En prenant cette manière particulière de définir, propre aux mathématiques, on
peut peut-être donner un exemple tiré de la mathématique pure. Il s'y rapporte
comme une quantité se rapproche de l'indivisible, de l'infiniment petit, de la
quadrature du cercle, etc..
Page 184
a) Cet effort est déjà représenté par une sensation interne. b) il est représenté, par
conséquent lorsqu'il s'applique à un empirique déterminé ; c'est un vouloir déterminé.
Chaque manifestation de la volonté est déterminée. Mais pourquoi alors les
manifestations de la volonté ne sont-elles pas toutes déterminées moralement et
légalement ? D'où vient le contre-effort qui est aussi un effort ? Doit-il venir du fait que
nous sommes contraints d'admettre un effort sensible originaire ? Si nous n'acceptions
pas un tel contre-effort, alors le fatalisme sensible de Schmidt serait exact. Au demeurant,
ce contre-effort, Schmid, lui-même, est contraint de l'accepter. En effet, ce n'est pas la
seule impuissance de la causalité qui entrave la volonté, mais c'est un contre-effort.

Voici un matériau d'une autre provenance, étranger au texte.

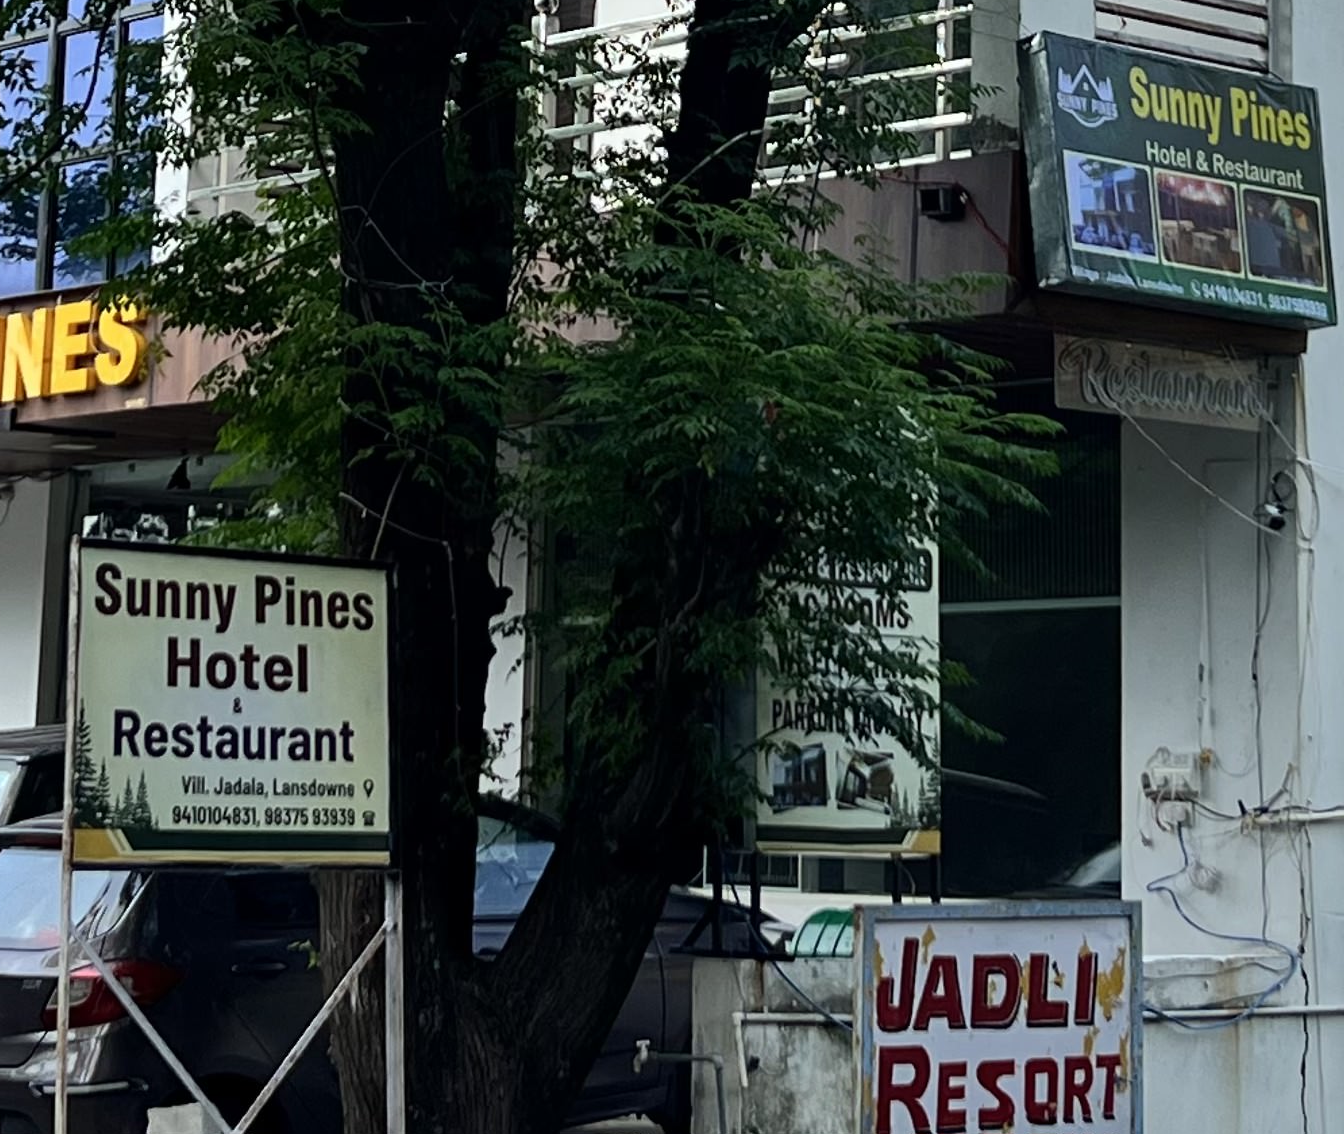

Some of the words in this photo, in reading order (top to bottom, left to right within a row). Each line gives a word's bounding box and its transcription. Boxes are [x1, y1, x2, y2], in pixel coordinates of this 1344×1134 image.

[1128, 65, 1222, 146] Sunny
[1229, 86, 1311, 150] Pines
[1145, 139, 1191, 167] Hotel
[1195, 152, 1209, 172] &
[1212, 152, 1304, 190] Restaurant
[1058, 339, 1274, 418] Restaurant
[94, 562, 237, 634] Sunny
[254, 574, 375, 631] Pines
[166, 635, 309, 693] Hotel
[232, 697, 243, 714] &
[113, 708, 354, 763] Restaurant
[181, 775, 210, 795] Vill.
[214, 776, 269, 798] Jadala,
[272, 777, 355, 798] Lansdowne
[172, 805, 260, 827] 9410104831,
[264, 806, 308, 826] 98375
[875, 936, 1099, 1033] JADLI
[875, 1044, 1122, 1134] RESORT

La faculté de désirer inférieure doit viser ce qui est agréable pour les sens. Ainsi,
l'homme aurait la faculté( Vermögen) d'être affecté agréablement ; il n'a encore jamais été
question de ce point dans la philosophie théorique. Est-ce un pouvoir fondamental
empirique ? Quand bien même vous ne voudriez pas expliquer plus avant la nature de ce
qui vous affecte agréablement, vous devriez quand même pouvoir expliquer d'où vient,
en ce qui concerne l'agréable, le plaisir ressenti dans le Moi interne, plaisir, sans doute,
spirituel. Admets, provisoirement, que le sentiment de l'agréable ne soit que l'accord entre
certains effets de la matière matérielle et ton corps et, admets que le désagréable soit le
contraire. Dans ce cas, se pose la question suivante : pourquoi cela ne m'est-il pas
indifférent ? Une relation harmonieuse des choses extérieures à mon corps produit du
plaisir (le beau). Est-ce que, d'une certaine manière, l'accord entre mon corps et les
choses qui lui sont extérieures, serait quelque chose de cette nature ?

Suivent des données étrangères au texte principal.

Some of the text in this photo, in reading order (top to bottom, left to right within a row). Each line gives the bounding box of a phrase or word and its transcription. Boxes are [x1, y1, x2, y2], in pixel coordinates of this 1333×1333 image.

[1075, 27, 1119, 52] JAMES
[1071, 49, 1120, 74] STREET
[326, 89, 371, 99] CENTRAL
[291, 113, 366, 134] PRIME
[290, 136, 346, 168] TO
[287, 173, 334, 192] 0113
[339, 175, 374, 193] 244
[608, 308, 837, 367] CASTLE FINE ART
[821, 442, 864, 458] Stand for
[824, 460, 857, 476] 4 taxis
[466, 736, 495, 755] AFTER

A dire vrai, l'hypothèse selon laquelle un tel désir d'harmonie du Non-Moi matériel avec
le Moi matériel (le corps) caractérise la capacité de désirer inférieure et que, de la même
manière, le désir d'harmonie du Non-Moi intelligible avec le Moi intelligible caractérise
la faculté de désirer supérieure, est une hypothèse qui semble par trop systématique.

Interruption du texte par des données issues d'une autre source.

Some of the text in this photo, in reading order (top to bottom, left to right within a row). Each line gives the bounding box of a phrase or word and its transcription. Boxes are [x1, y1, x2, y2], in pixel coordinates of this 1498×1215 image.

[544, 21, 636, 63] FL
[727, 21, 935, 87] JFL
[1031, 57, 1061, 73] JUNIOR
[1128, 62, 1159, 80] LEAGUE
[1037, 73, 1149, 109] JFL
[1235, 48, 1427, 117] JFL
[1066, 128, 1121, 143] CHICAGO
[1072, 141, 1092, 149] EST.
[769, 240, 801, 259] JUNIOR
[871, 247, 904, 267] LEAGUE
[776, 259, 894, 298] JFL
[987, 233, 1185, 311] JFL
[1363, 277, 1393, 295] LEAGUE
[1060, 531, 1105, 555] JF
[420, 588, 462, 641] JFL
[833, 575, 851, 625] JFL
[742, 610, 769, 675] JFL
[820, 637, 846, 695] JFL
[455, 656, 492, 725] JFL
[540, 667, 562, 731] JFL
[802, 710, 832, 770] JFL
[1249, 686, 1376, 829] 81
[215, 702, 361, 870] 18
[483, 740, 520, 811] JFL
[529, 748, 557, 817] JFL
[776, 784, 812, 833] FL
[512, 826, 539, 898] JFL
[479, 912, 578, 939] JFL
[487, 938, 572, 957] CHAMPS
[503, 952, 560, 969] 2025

prenons-nous ce désir qui peut et doit être, pourtant, dans le Moi spirituel ? Pour l'instant
nous avons quelque chose de seulement logique et nous ne parvenons pas à quelque
chose d'empirique et d'esthétique.
suite de la page 183. La contradiction ne doit jamais être levée. Mais elle doit être
réduite à l'infini. Dans la philosophie théorique, nous avons une cause première qui
cependant, n'est pas une cause première ; dans la mathématique, nous trouvons des
exemples de ce type de contradiction. Cette contradiction est propre à toutes les
sciences, et renvoie à la contradiction de notre nature même, c'est-à-dire à la
contradiction entre le dépendant et l'indépendant.